Your goal: In the entries below, return only the line containing "Some of the text" and those after it, exactly, through the last line.

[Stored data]
:::::
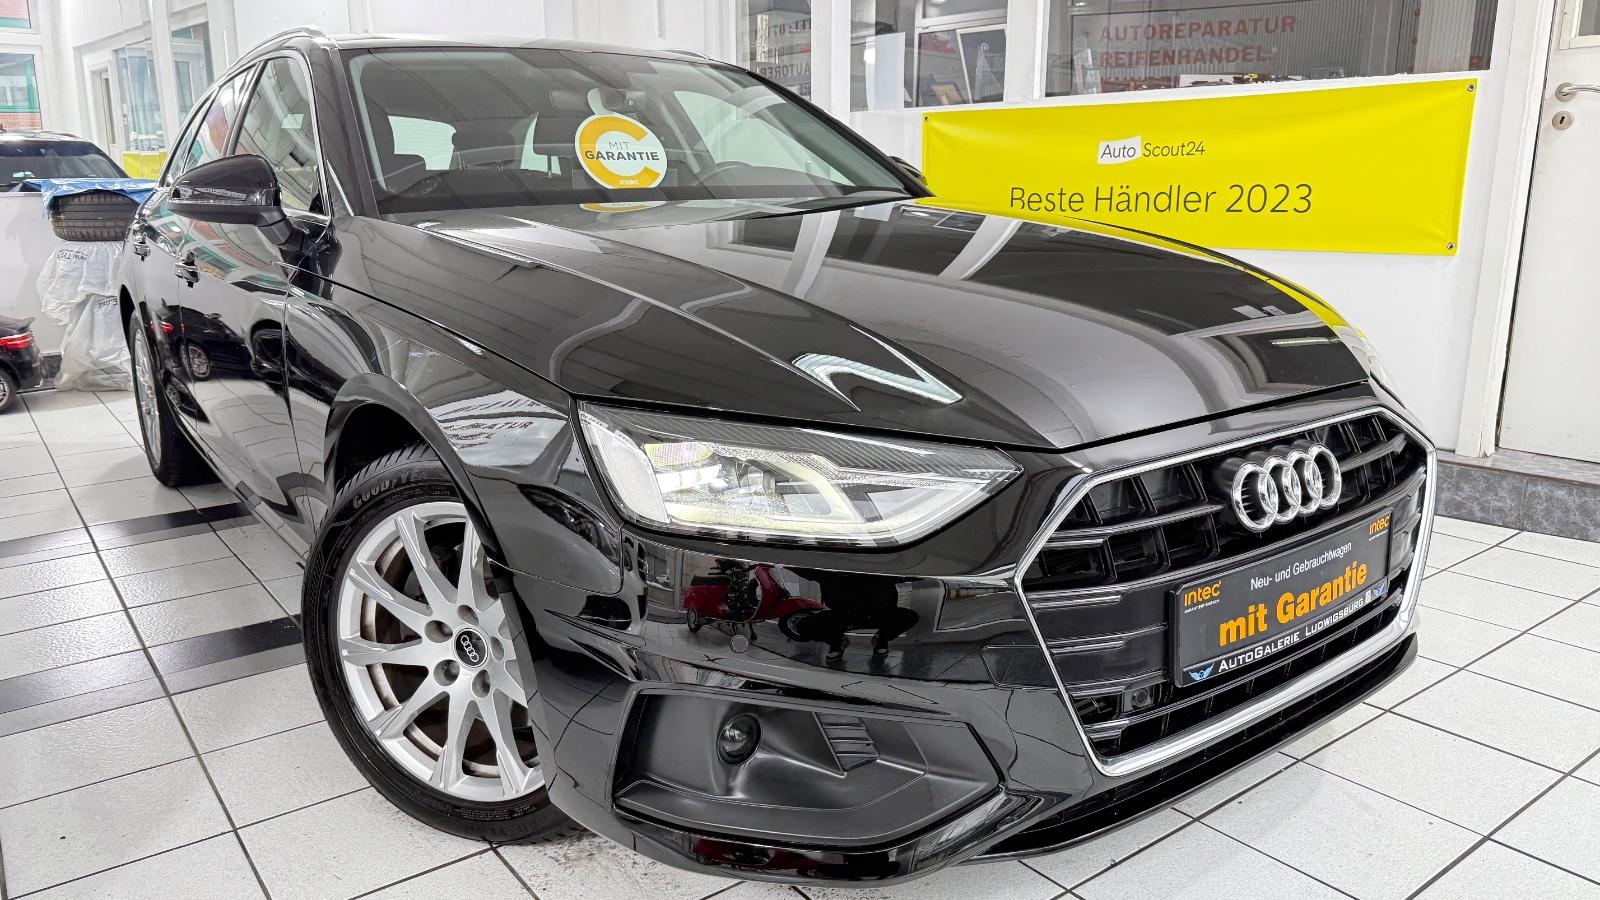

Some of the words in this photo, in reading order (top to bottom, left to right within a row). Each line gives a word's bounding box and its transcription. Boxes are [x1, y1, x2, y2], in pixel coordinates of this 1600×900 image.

[1099, 16, 1297, 42] AUTOREPARATUR
[584, 150, 660, 161] GARANTIE
[608, 141, 630, 151] MIT
[1100, 143, 1136, 160] Auto
[1143, 140, 1206, 157] Scout24
[1010, 187, 1085, 212] Beste
[1094, 184, 1217, 213] Händler
[1225, 183, 1313, 213] 2023
[1250, 577, 1273, 591] Neu-
[1275, 565, 1291, 583] und
[1293, 542, 1352, 576] Gebrauchtwagen
[1219, 603, 1268, 647] mit
[1276, 560, 1367, 624] Garantie
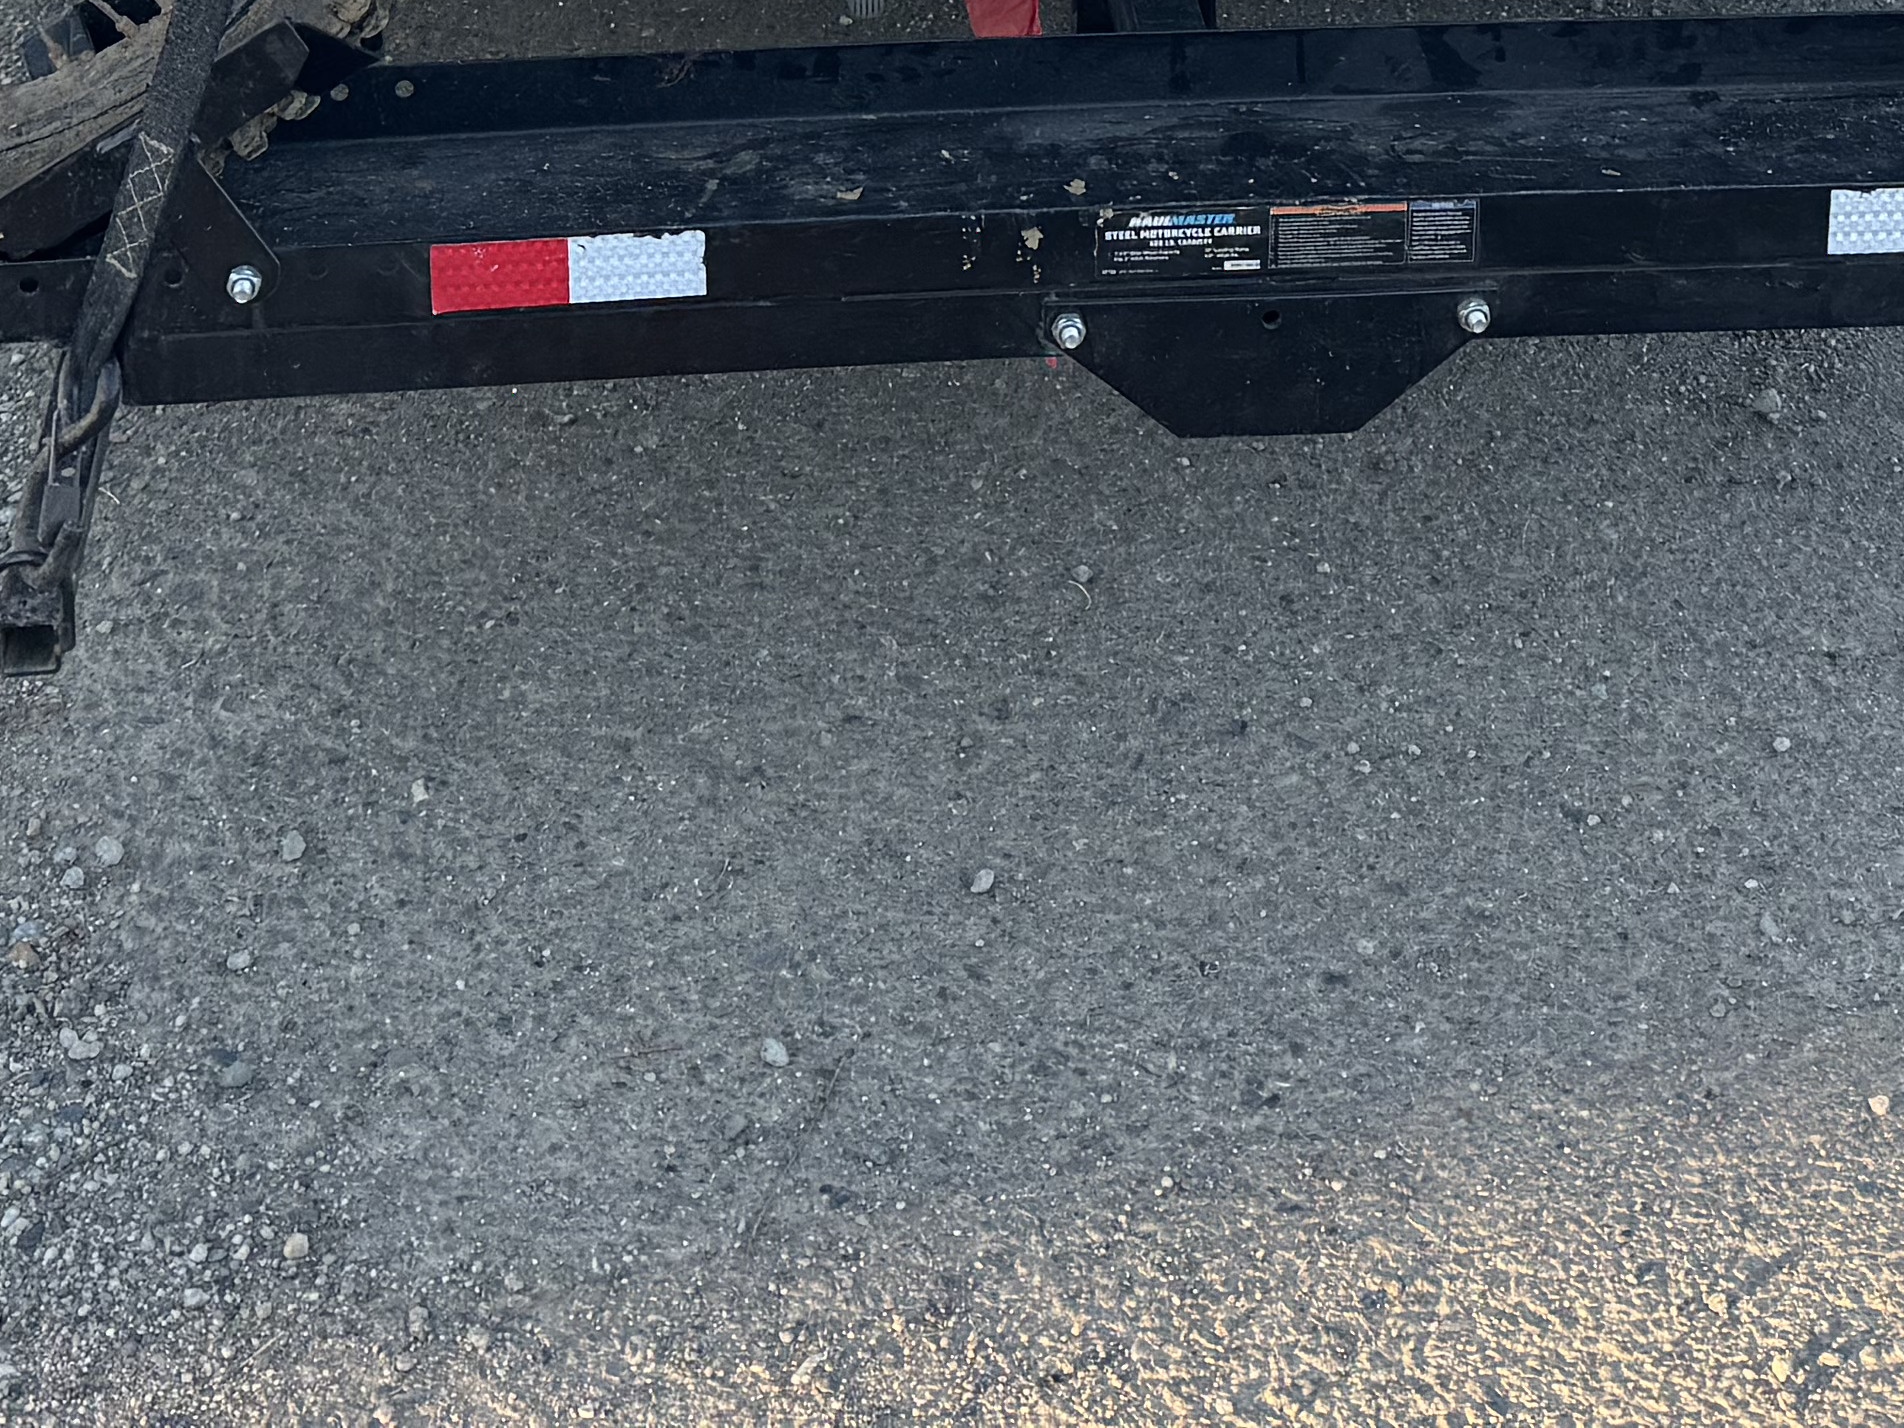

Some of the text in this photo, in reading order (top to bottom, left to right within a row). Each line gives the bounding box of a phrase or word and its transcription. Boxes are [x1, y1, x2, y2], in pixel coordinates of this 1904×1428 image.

[1104, 225, 1262, 241] STEEL MOTORCYCLE CARRIER
:::::
Final answer:
Some of the text in this photo, in reading order (top to bottom, left to right within a row). Each line gives the bounding box of a phrase or word and its transcription. Boxes are [x1, y1, x2, y2], in pixel coordinates of this 1904×1428 image.

[1104, 225, 1262, 241] STEEL MOTORCYCLE CARRIER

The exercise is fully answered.